As Seema Rothstein lay bleeding on a gurney at Inova Fairfax Hospital, Officer Kenneth Brennan feared that she might die before telling anyone who stabbed her and her husband at their Springfield home two days after Thanksgiving.
Brennan knew that her husband, Eric Rothstein, was dead. Their attacker presumably was at large.
Brennan stepped between the emergency room doctors and nurses and got straight to the point: "Who stabbed you?" he asked Rothstein.
He was stunned by her answer. "I did," Rothstein said, according to Brennan's testimony at her preliminary hearing yesterday.
"Did you hurt anyone else?" Brennan asked.
"My husband," came the quiet reply.
Brennan asked one more question: "Why?"
"I'm sick," he said Rothstein told him, murmuring about her medication.
A Fairfax County judge ruled that there was enough evidence to send Rothstein's murder charge to the county grand jury for consideration.
Rothstein's family said she was suffering from postpartum depression, having given birth to a daughter just 10 weeks before the Nov. 24 stabbing of Eric Rothstein, 36, the respected rowing coach at Thomas Jefferson High School. Both her parents and her husband's parents of pleaded with Fairfax prosecutors not to press charges against Seema Rothstein, 32. But Deputy Commonwealth's Attorney Raymond F. Morrogh said prosecutors had a responsibility to the victim and the public.

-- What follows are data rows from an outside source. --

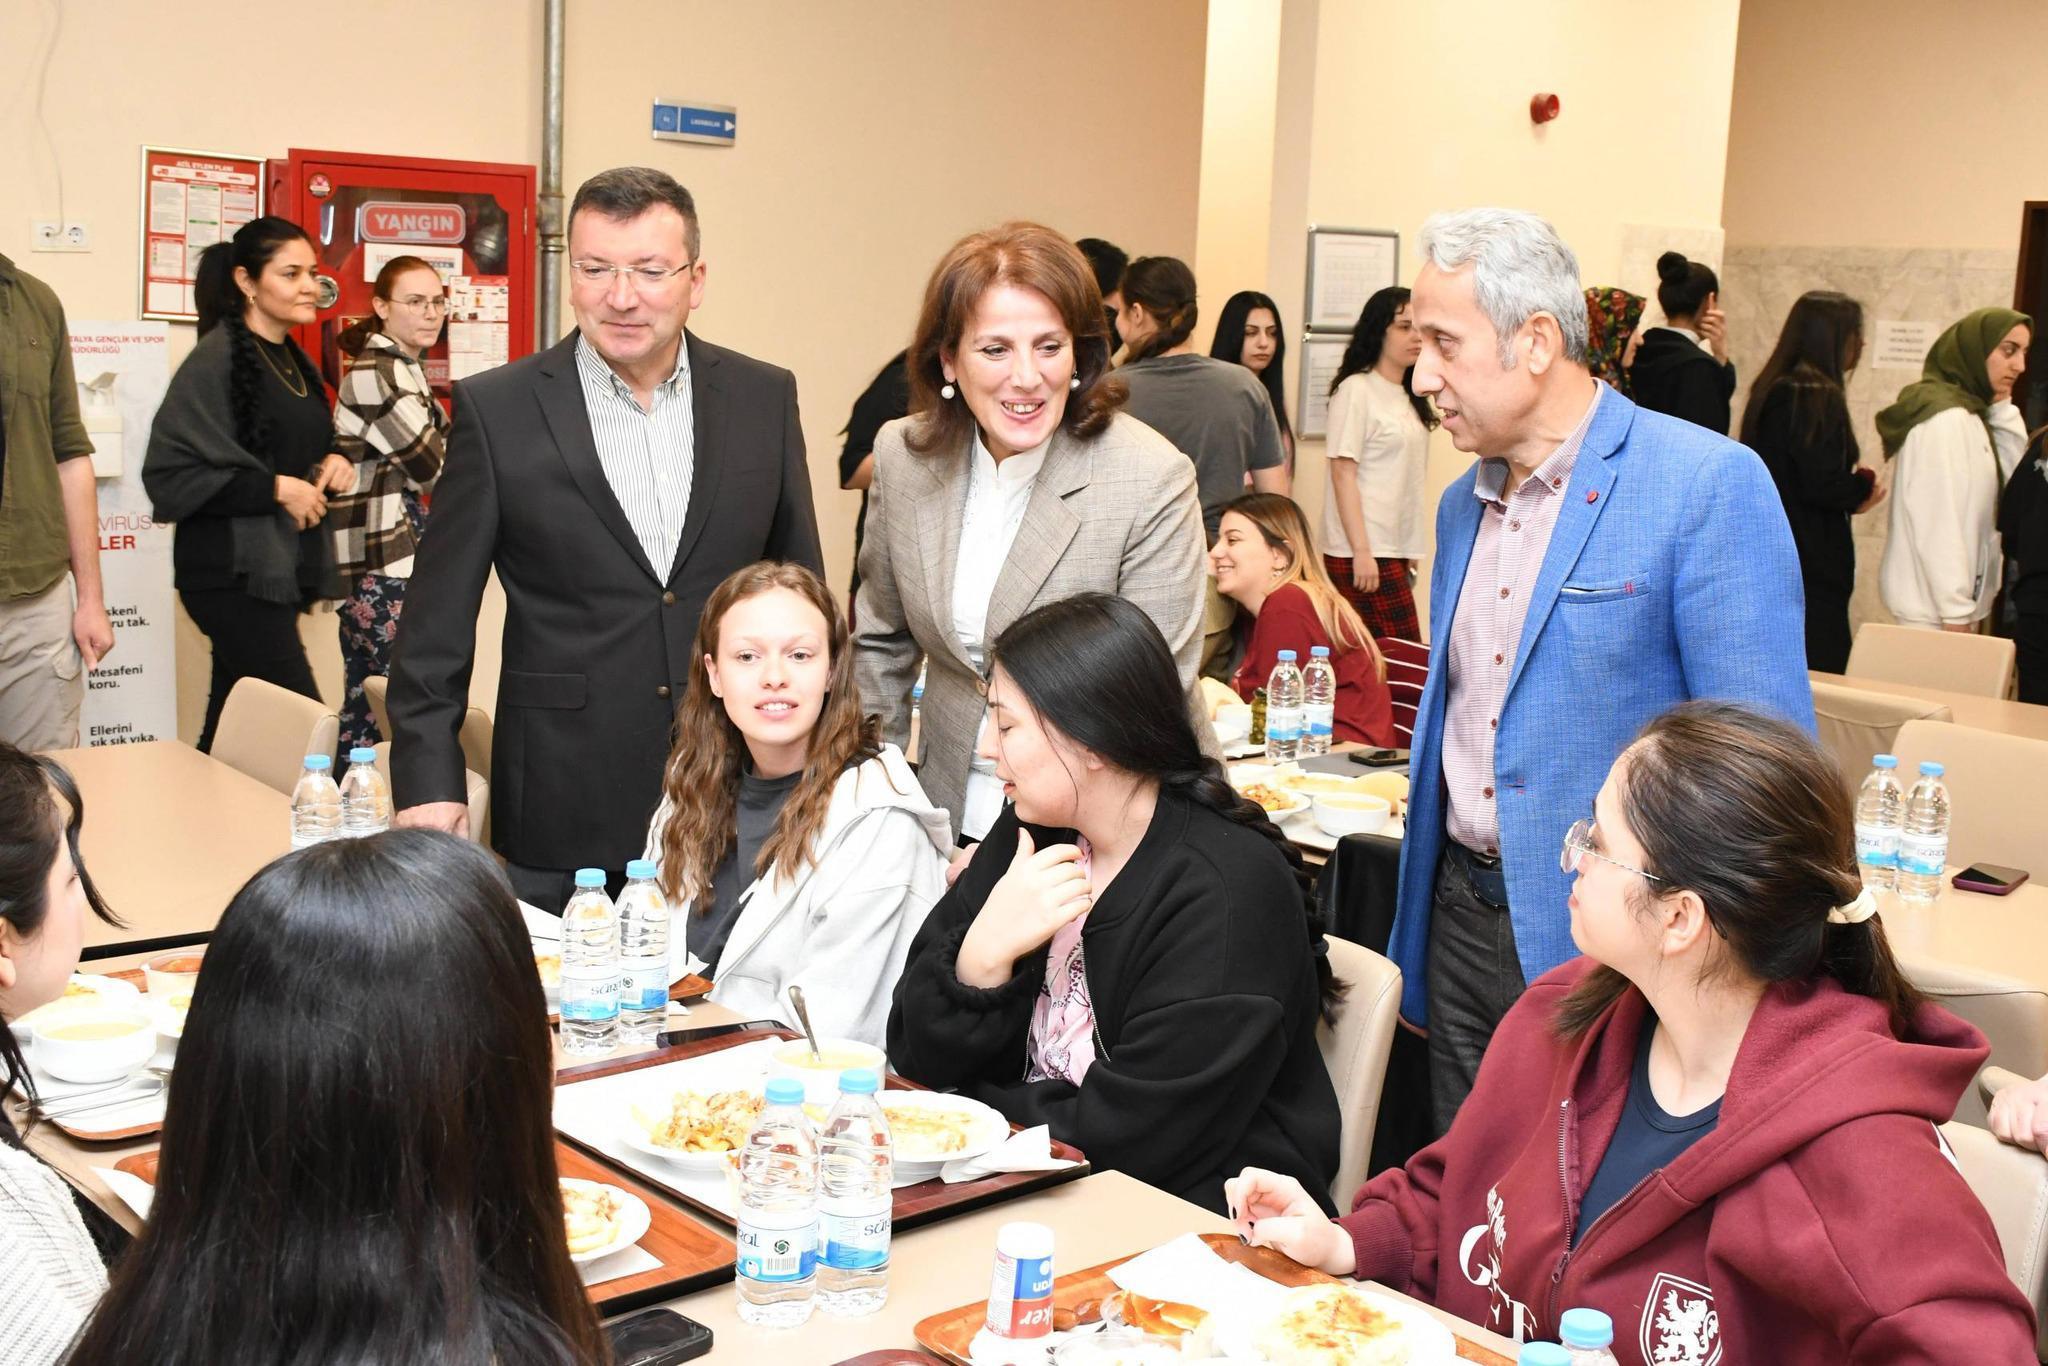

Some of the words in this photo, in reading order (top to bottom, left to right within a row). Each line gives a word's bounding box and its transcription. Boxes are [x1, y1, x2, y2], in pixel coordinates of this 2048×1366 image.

[374, 214, 454, 232] YANGIN
[131, 335, 141, 343] VE
[98, 535, 136, 551] LER
[105, 605, 137, 616] skeni
[111, 620, 124, 628] ru
[127, 616, 150, 627] tak.
[88, 664, 143, 678] Mesafeni
[89, 680, 120, 690] koru.
[90, 723, 133, 736] Ellerini
[1020, 1304, 1052, 1325] ker
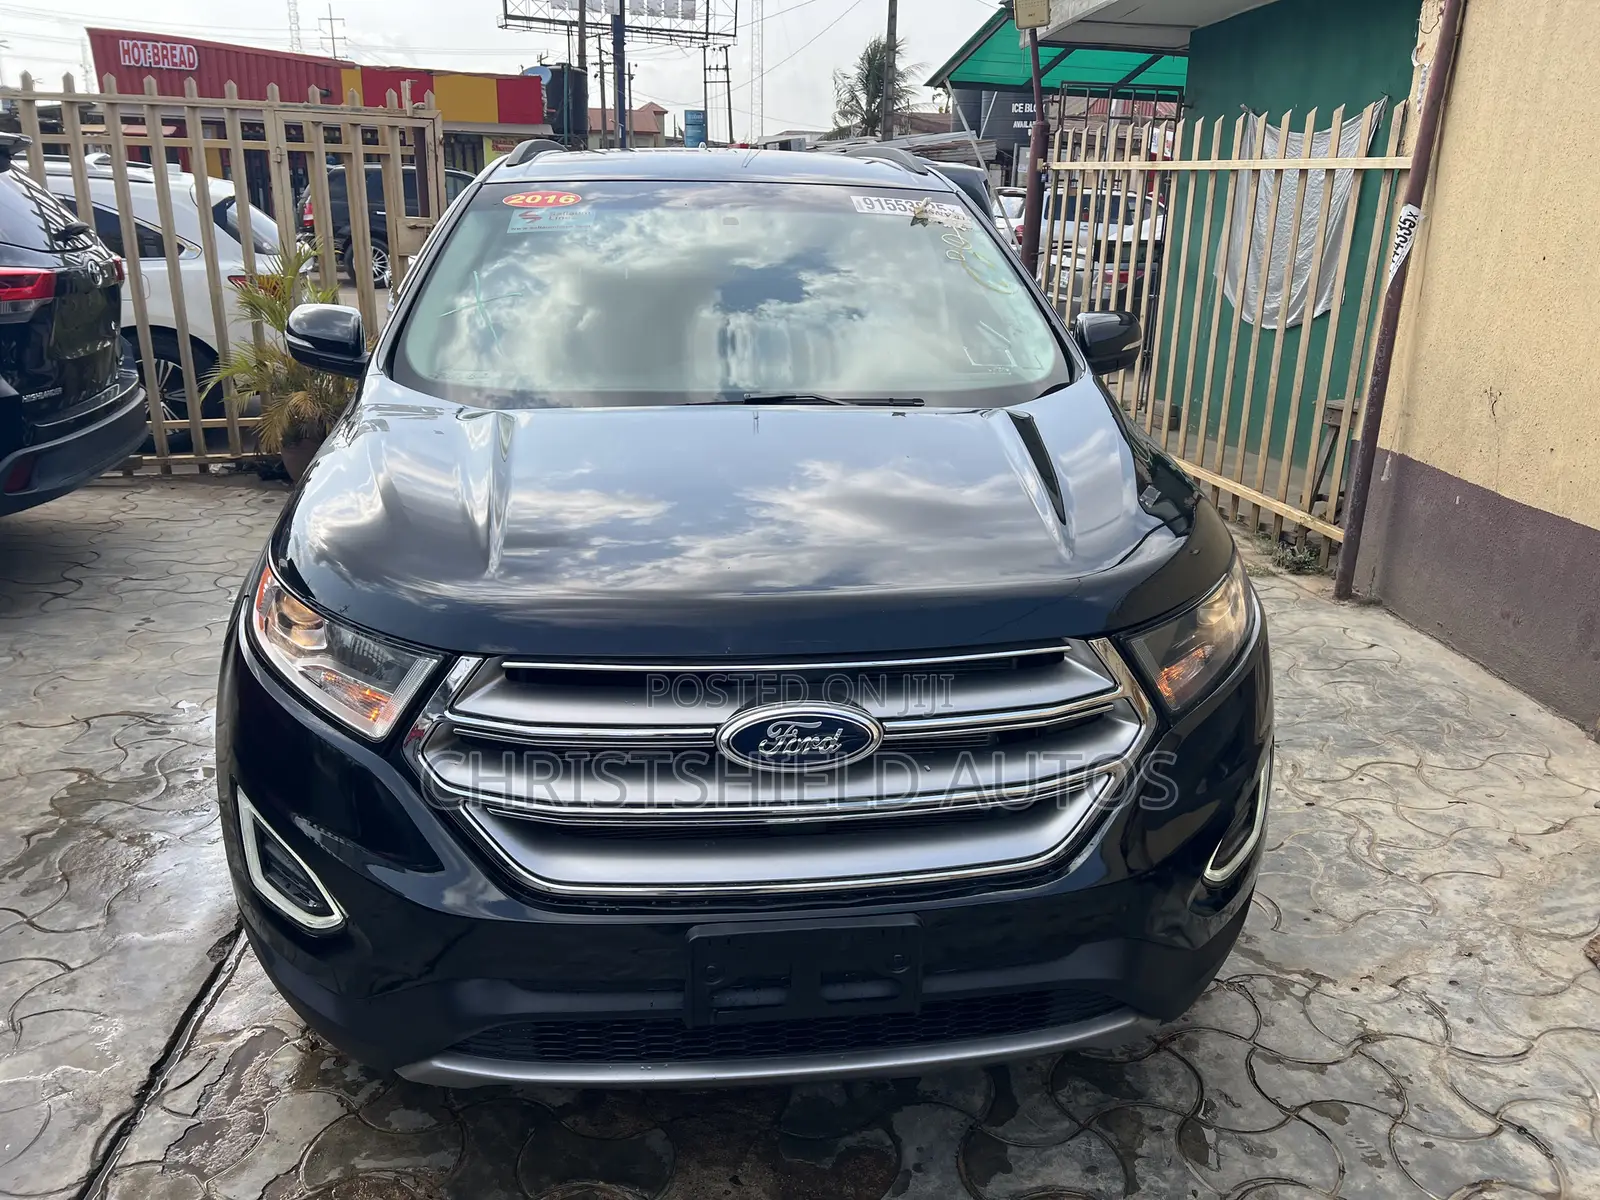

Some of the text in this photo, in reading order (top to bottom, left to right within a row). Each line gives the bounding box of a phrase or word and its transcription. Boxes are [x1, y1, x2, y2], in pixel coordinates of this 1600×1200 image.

[1011, 103, 1024, 113] ICE
[507, 194, 576, 204] 2016
[758, 720, 844, 756] Ford

Morrogh did not object, however, to allowing Rothstein to be released on bond yesterday, after mental health professionals found that she was not likely to pose a danger to the community. Fairfax Juvenile and Domestic Relations Court Judge Charles J. Maxfield ordered Rothstein's family to post $50,000 bond and that she have no unsupervised contact with her daughter, now 17 weeks old.
Shortly after Rothstein's arrest, Maxfield ordered her to a state mental health facility in Petersburg for evaluation and treatment. Her family said she had struggled with depression and anxiety after her daughter's birth, and various medications had not helped.

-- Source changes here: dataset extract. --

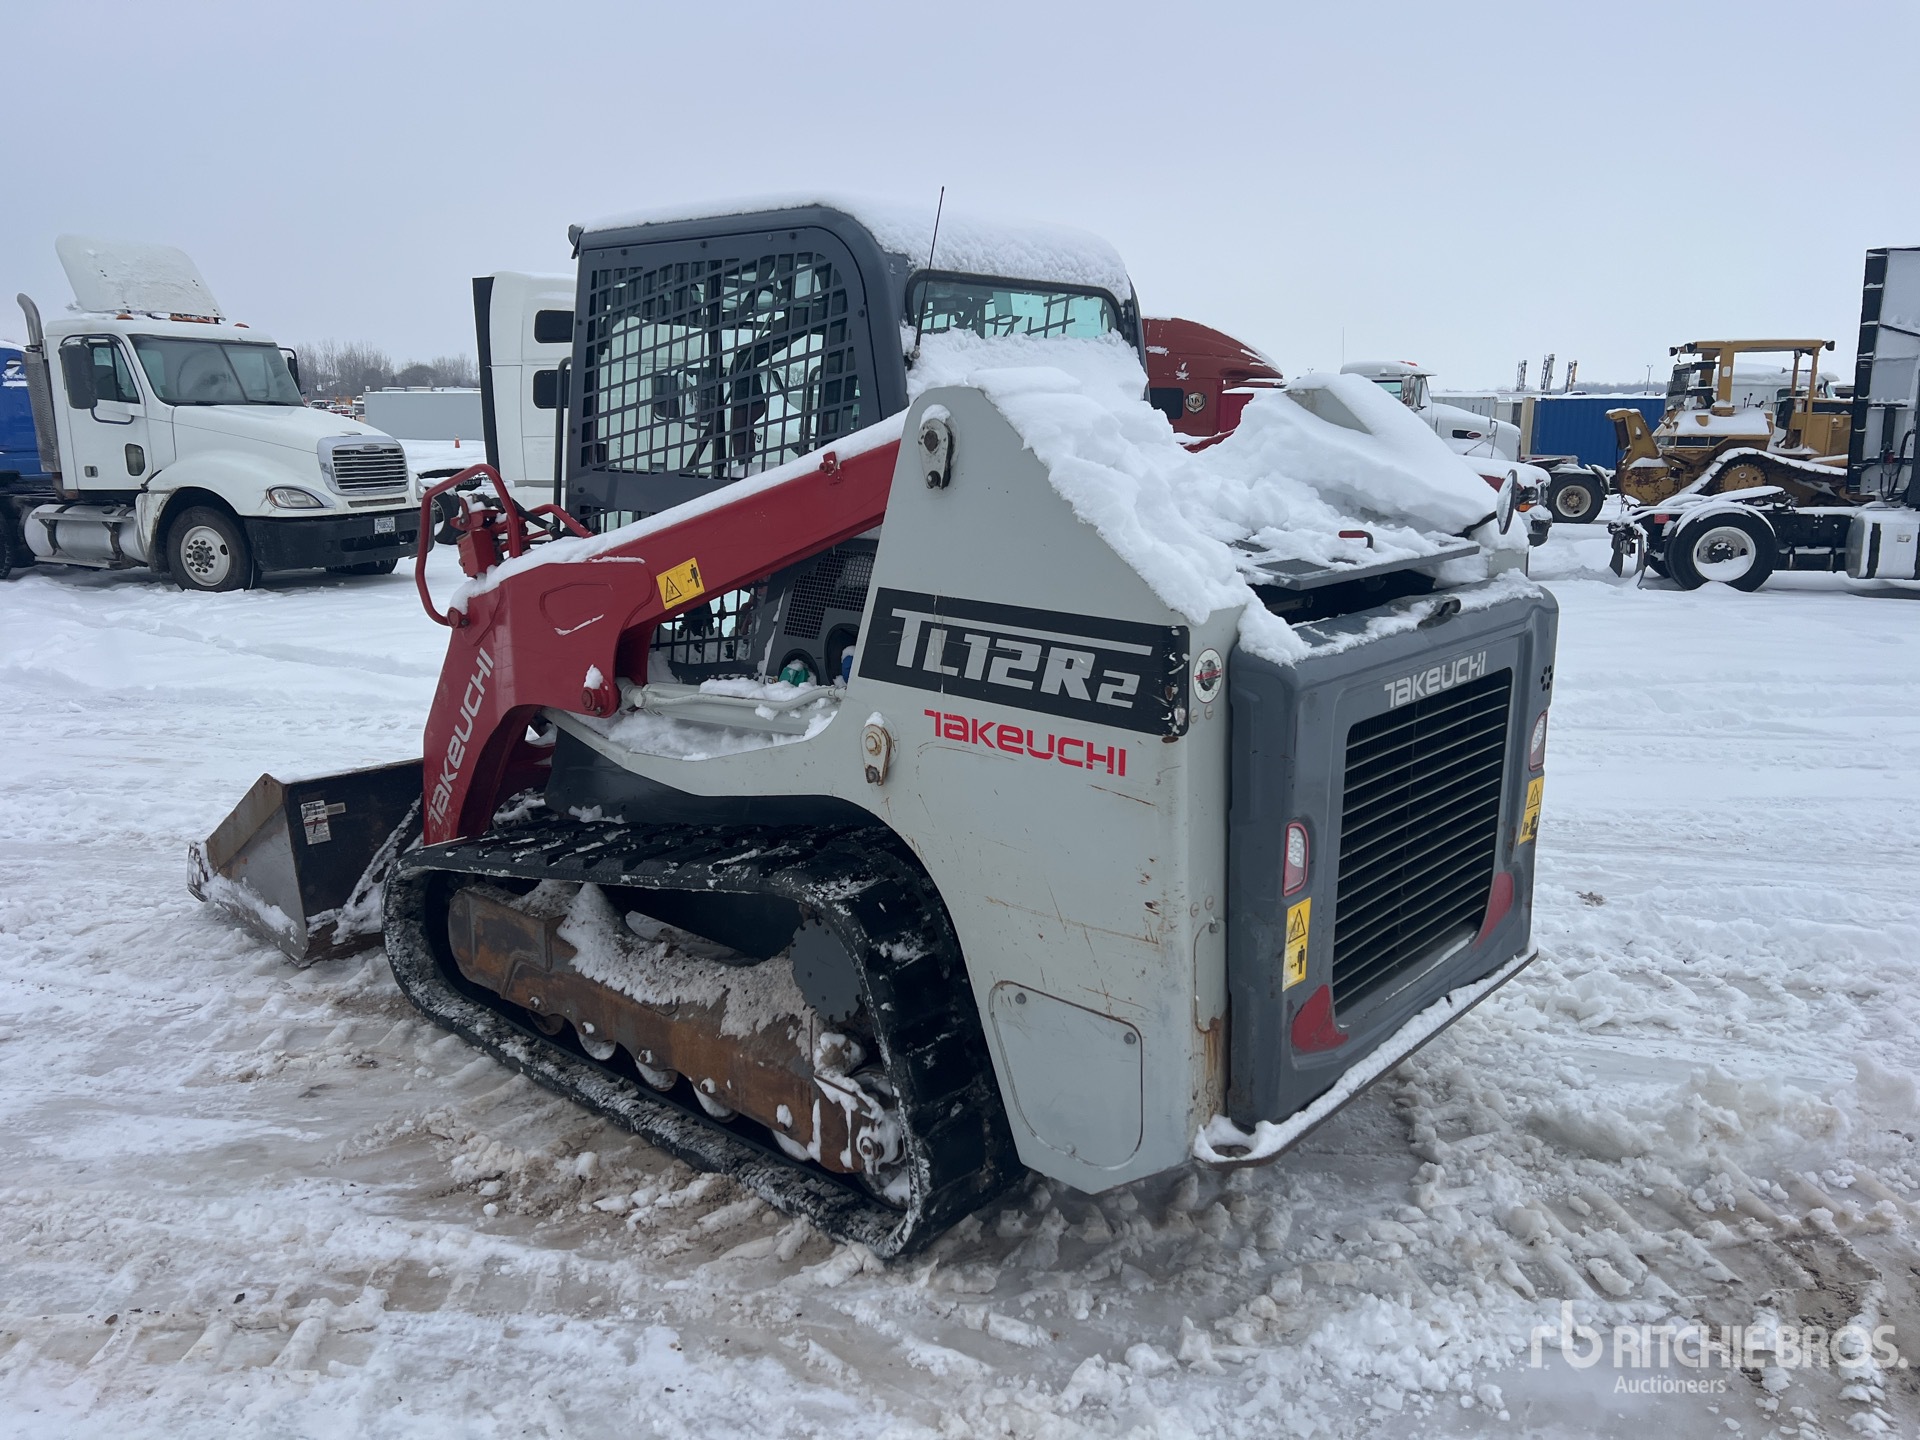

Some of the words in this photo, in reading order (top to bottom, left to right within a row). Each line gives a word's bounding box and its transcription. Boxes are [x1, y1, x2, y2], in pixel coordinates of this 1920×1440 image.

A 911 call with no one on the line alerted police to the trouble at the Rothsteins' home, and Officer Jason Reichel testified that he found Seema Rothstein lying unconscious on the back deck of their home. Reichel looked inside and saw Eric Rothstein lying on his left side, with a large knife behind him. Morrogh said Rothstein had suffered a four- to five-inch stab wound to his heart.